Escrita en 1996, la obra de Glass es la tercera de una trilogía sobre Cocteau, tras Orfeo (1993) y La bella y la bestia (1994), la segunda de las cuales se estrenó en Sevilla (Teatro de la Maestranza, junio de aquel 1994). En mi opinión, Les enfants terribles es la menos afortunada de las tres. Peca de una verbosidad que, por momentos, se torna asfixiante en su combinación de declamación y canto. El maestro de Baltimore mantiene pese a todo su economía expresiva: arpegios insistentes que construyen atmósferas por acumulación, células que vuelven y obligan a escuchar la mínima variación rítmica. Ese pulso repetitivo puede cansar; por eso el apoyo escénico resulta fundamental para una recepción satisfactoria.

La interpretación musical brilló en muchos tramos, sobre todo gracias a un magnífico trío de pianistas comandado por Óscar Martín y flanqueado por Patricia Arauzo y Julio Moguer. Su nada fácil trabajo de sincronía y equilibrio mostró un rigor y una precisión exquisitos, aunque la amplificación redujo en ocasiones las posibilidades de contraste dinámico, apenas explotadas en multitud de pasajes. Aun así, los pianistas lograron la sensación hipnótica que busca la música sin caer en la uniformidad. La batuta de Juan García Rodríguez se mostró siempre atenta, sobre todo a las voces, y consiguió que la máquina minimalista respirara y que los momentos declamados no se disolvieran en un fondo monocorde.

Las voces cumplieron con las exigencias de un texto desafiante. Sólo el hecho de memorizarlo para las tres únicas funciones programadas me parece ya un mérito considerable. Clara Barbier, en el personaje de Elisabeth, asumió el papel más complejo con solvencia: su registro agudo resultó brillante, claro y elástico, y mostró capacidad dramática para las variaciones de carácter que pide su personaje.

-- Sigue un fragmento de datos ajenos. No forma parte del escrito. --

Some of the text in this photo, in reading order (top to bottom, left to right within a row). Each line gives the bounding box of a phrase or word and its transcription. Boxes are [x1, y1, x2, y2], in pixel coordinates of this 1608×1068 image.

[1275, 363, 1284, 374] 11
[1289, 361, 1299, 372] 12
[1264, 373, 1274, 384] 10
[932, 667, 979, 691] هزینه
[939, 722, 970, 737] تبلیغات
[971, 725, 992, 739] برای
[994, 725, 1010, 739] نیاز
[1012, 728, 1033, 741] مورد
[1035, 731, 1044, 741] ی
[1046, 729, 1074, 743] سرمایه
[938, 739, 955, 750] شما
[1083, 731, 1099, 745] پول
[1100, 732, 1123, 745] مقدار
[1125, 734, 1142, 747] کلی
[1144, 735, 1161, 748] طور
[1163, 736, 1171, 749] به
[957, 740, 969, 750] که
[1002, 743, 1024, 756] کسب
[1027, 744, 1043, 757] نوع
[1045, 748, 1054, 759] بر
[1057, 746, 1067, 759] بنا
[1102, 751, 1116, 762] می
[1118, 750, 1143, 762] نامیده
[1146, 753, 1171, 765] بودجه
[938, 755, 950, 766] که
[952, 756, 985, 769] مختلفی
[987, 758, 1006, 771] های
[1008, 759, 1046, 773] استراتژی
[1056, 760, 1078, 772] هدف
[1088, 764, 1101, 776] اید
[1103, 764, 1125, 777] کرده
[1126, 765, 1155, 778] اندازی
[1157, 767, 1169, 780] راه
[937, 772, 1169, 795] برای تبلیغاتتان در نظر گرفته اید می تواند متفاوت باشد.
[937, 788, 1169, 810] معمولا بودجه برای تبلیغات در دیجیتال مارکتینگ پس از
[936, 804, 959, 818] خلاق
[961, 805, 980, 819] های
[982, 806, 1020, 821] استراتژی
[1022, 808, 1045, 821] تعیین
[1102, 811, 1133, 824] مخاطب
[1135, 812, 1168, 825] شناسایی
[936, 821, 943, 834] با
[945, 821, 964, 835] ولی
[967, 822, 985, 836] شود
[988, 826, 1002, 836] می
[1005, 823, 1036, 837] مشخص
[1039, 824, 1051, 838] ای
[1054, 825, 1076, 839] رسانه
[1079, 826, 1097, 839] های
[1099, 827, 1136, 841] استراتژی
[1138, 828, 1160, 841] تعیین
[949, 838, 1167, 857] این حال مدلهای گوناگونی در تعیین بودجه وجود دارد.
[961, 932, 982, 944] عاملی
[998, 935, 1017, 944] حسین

Lydia Vinyes-Curtis, en los dos papeles que le corresponden (el de Dargelos es casi testimonial), ofreció un centro oscuro y bien proyectado; su presencia vocal fue sólida y adecuada a los pasajes más incisivos. Samy Camps resolvió con buena línea y claridad sus intervenciones de Gérard y de narrador; su emisión conjugó potencia y delicadeza. Dietrich Henschel compuso un Paul de porte y autoridad escénica; su instrumento sigue teniendo nobleza, aunque en algún paso al agudo se percibió un menor brillo que el que lo hizo famoso hace no tanto, circunstancia que no empañó su solvencia como actor.

En el plano escénico, Susana Gómez movió a los personajes con sentido dramático y supo convertir las limitaciones del espacio en virtud, concentrando la atención en una pieza escenográfica central cuyas acciones podían apreciarse desde ambos lados de las gradas. Juan Ruesga concibió esa estructura como un gran sarcófago simbólico –negro, por supuesto– que funcionaba a la vez como cuarto de juegos peligroso y como insinuante caja de memoria. El variado vestuario de Nino Bautí y la estilizada iluminación de Laura Iturralde contribuyeron a una propuesta teatral muy inteligente. Aunque la función se anuncia como “ópera de cámara bailada”, la presencia de la danza resulta reducida; sin embargo, hubo momentos puntuales –las escenas 6 y 11a, sobre todo– en los que las gemelas chilenas Florencia e Isidora Oz dominaron el escenario con movimientos lentos y delicados.

Quizá no era el título idóneo para seducir a un público generalista en una inauguración, pero Les enfants terribles dejó en la sala la sensación de una historia de adultos, compleja, ambigua e inquietante, tratada con respeto y con recursos técnicos, musicales y dramáticos más que notables.